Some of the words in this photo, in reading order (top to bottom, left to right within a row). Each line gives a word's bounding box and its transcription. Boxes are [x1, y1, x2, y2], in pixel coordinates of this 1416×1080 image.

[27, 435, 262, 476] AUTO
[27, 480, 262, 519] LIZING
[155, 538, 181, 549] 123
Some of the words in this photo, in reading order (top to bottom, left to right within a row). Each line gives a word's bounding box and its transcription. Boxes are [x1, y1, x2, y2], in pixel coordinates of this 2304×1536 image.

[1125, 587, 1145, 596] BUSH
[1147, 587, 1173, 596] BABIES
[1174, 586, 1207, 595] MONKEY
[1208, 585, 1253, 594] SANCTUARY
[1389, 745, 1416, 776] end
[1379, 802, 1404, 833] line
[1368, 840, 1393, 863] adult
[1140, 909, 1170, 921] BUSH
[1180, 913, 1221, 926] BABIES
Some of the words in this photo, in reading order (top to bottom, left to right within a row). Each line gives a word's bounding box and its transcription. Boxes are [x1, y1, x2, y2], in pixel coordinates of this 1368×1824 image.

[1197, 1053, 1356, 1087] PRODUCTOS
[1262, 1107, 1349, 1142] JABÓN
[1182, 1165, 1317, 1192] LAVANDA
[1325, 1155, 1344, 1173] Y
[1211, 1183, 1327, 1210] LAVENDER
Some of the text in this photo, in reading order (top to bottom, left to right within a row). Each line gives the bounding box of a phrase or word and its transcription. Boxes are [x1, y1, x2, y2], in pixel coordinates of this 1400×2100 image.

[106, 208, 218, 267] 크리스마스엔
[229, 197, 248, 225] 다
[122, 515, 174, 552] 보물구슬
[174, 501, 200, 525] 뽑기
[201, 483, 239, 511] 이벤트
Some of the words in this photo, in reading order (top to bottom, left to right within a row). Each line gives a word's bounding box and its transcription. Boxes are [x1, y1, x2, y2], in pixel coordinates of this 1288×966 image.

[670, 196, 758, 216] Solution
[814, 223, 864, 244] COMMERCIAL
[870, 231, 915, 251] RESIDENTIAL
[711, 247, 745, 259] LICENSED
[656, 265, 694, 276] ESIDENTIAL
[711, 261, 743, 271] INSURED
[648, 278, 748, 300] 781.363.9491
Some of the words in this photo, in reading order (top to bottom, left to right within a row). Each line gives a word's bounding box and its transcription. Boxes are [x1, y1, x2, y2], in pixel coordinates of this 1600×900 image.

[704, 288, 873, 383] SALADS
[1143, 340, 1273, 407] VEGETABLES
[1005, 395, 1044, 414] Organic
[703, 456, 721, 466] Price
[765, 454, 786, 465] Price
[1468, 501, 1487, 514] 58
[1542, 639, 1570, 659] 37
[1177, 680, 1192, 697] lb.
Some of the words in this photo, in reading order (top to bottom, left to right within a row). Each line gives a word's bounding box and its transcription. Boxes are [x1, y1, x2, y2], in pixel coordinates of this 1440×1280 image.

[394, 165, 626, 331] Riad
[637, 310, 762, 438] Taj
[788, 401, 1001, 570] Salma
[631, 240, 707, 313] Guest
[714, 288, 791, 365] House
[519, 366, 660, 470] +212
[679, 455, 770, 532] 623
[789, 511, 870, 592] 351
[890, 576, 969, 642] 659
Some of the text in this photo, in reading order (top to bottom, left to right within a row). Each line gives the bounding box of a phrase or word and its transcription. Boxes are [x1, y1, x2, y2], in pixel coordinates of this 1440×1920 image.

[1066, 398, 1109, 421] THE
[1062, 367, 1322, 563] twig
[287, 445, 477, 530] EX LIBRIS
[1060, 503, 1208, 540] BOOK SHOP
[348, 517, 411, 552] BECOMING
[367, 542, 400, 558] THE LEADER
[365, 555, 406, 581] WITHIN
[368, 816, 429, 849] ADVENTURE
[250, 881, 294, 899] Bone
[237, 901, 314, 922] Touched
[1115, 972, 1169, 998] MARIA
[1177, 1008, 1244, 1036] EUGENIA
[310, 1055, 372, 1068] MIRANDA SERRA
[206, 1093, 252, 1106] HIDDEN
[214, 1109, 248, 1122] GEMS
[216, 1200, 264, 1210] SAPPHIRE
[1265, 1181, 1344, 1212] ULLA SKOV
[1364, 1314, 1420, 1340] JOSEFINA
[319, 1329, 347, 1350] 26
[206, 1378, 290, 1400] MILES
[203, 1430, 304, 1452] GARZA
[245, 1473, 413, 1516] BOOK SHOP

*ACTIVITY:* After reading through the records, retype all of them exactly.

*OUTPUT BELOW:*
Some of the words in this photo, in reading order (top to bottom, left to right within a row). Each line gives a word's bounding box and its transcription. Boxes are [x1, y1, x2, y2], in pixel coordinates of this 1416×1080 image.

[27, 435, 262, 476] AUTO
[27, 480, 262, 519] LIZING
[155, 538, 181, 549] 123
Some of the words in this photo, in reading order (top to bottom, left to right within a row). Each line gives a word's bounding box and its transcription. Boxes are [x1, y1, x2, y2], in pixel coordinates of this 2304×1536 image.

[1125, 587, 1145, 596] BUSH
[1147, 587, 1173, 596] BABIES
[1174, 586, 1207, 595] MONKEY
[1208, 585, 1253, 594] SANCTUARY
[1389, 745, 1416, 776] end
[1379, 802, 1404, 833] line
[1368, 840, 1393, 863] adult
[1140, 909, 1170, 921] BUSH
[1180, 913, 1221, 926] BABIES
Some of the words in this photo, in reading order (top to bottom, left to right within a row). Each line gives a word's bounding box and its transcription. Boxes are [x1, y1, x2, y2], in pixel coordinates of this 1368×1824 image.

[1197, 1053, 1356, 1087] PRODUCTOS
[1262, 1107, 1349, 1142] JABÓN
[1182, 1165, 1317, 1192] LAVANDA
[1325, 1155, 1344, 1173] Y
[1211, 1183, 1327, 1210] LAVENDER
Some of the text in this photo, in reading order (top to bottom, left to right within a row). Each line gives the bounding box of a phrase or word and its transcription. Boxes are [x1, y1, x2, y2], in pixel coordinates of this 1400×2100 image.

[106, 208, 218, 267] 크리스마스엔
[229, 197, 248, 225] 다
[122, 515, 174, 552] 보물구슬
[174, 501, 200, 525] 뽑기
[201, 483, 239, 511] 이벤트
Some of the words in this photo, in reading order (top to bottom, left to right within a row). Each line gives a word's bounding box and its transcription. Boxes are [x1, y1, x2, y2], in pixel coordinates of this 1288×966 image.

[670, 196, 758, 216] Solution
[814, 223, 864, 244] COMMERCIAL
[870, 231, 915, 251] RESIDENTIAL
[711, 247, 745, 259] LICENSED
[656, 265, 694, 276] ESIDENTIAL
[711, 261, 743, 271] INSURED
[648, 278, 748, 300] 781.363.9491
Some of the words in this photo, in reading order (top to bottom, left to right within a row). Each line gives a word's bounding box and its transcription. Boxes are [x1, y1, x2, y2], in pixel coordinates of this 1600×900 image.

[704, 288, 873, 383] SALADS
[1143, 340, 1273, 407] VEGETABLES
[1005, 395, 1044, 414] Organic
[703, 456, 721, 466] Price
[765, 454, 786, 465] Price
[1468, 501, 1487, 514] 58
[1542, 639, 1570, 659] 37
[1177, 680, 1192, 697] lb.
Some of the words in this photo, in reading order (top to bottom, left to right within a row). Each line gives a word's bounding box and its transcription. Boxes are [x1, y1, x2, y2], in pixel coordinates of this 1440×1280 image.

[394, 165, 626, 331] Riad
[637, 310, 762, 438] Taj
[788, 401, 1001, 570] Salma
[631, 240, 707, 313] Guest
[714, 288, 791, 365] House
[519, 366, 660, 470] +212
[679, 455, 770, 532] 623
[789, 511, 870, 592] 351
[890, 576, 969, 642] 659
Some of the text in this photo, in reading order (top to bottom, left to right within a row). Each line gives the bounding box of a phrase or word and its transcription. Boxes are [x1, y1, x2, y2], in pixel coordinates of this 1440×1920 image.

[1066, 398, 1109, 421] THE
[1062, 367, 1322, 563] twig
[287, 445, 477, 530] EX LIBRIS
[1060, 503, 1208, 540] BOOK SHOP
[348, 517, 411, 552] BECOMING
[367, 542, 400, 558] THE LEADER
[365, 555, 406, 581] WITHIN
[368, 816, 429, 849] ADVENTURE
[250, 881, 294, 899] Bone
[237, 901, 314, 922] Touched
[1115, 972, 1169, 998] MARIA
[1177, 1008, 1244, 1036] EUGENIA
[310, 1055, 372, 1068] MIRANDA SERRA
[206, 1093, 252, 1106] HIDDEN
[214, 1109, 248, 1122] GEMS
[216, 1200, 264, 1210] SAPPHIRE
[1265, 1181, 1344, 1212] ULLA SKOV
[1364, 1314, 1420, 1340] JOSEFINA
[319, 1329, 347, 1350] 26
[206, 1378, 290, 1400] MILES
[203, 1430, 304, 1452] GARZA
[245, 1473, 413, 1516] BOOK SHOP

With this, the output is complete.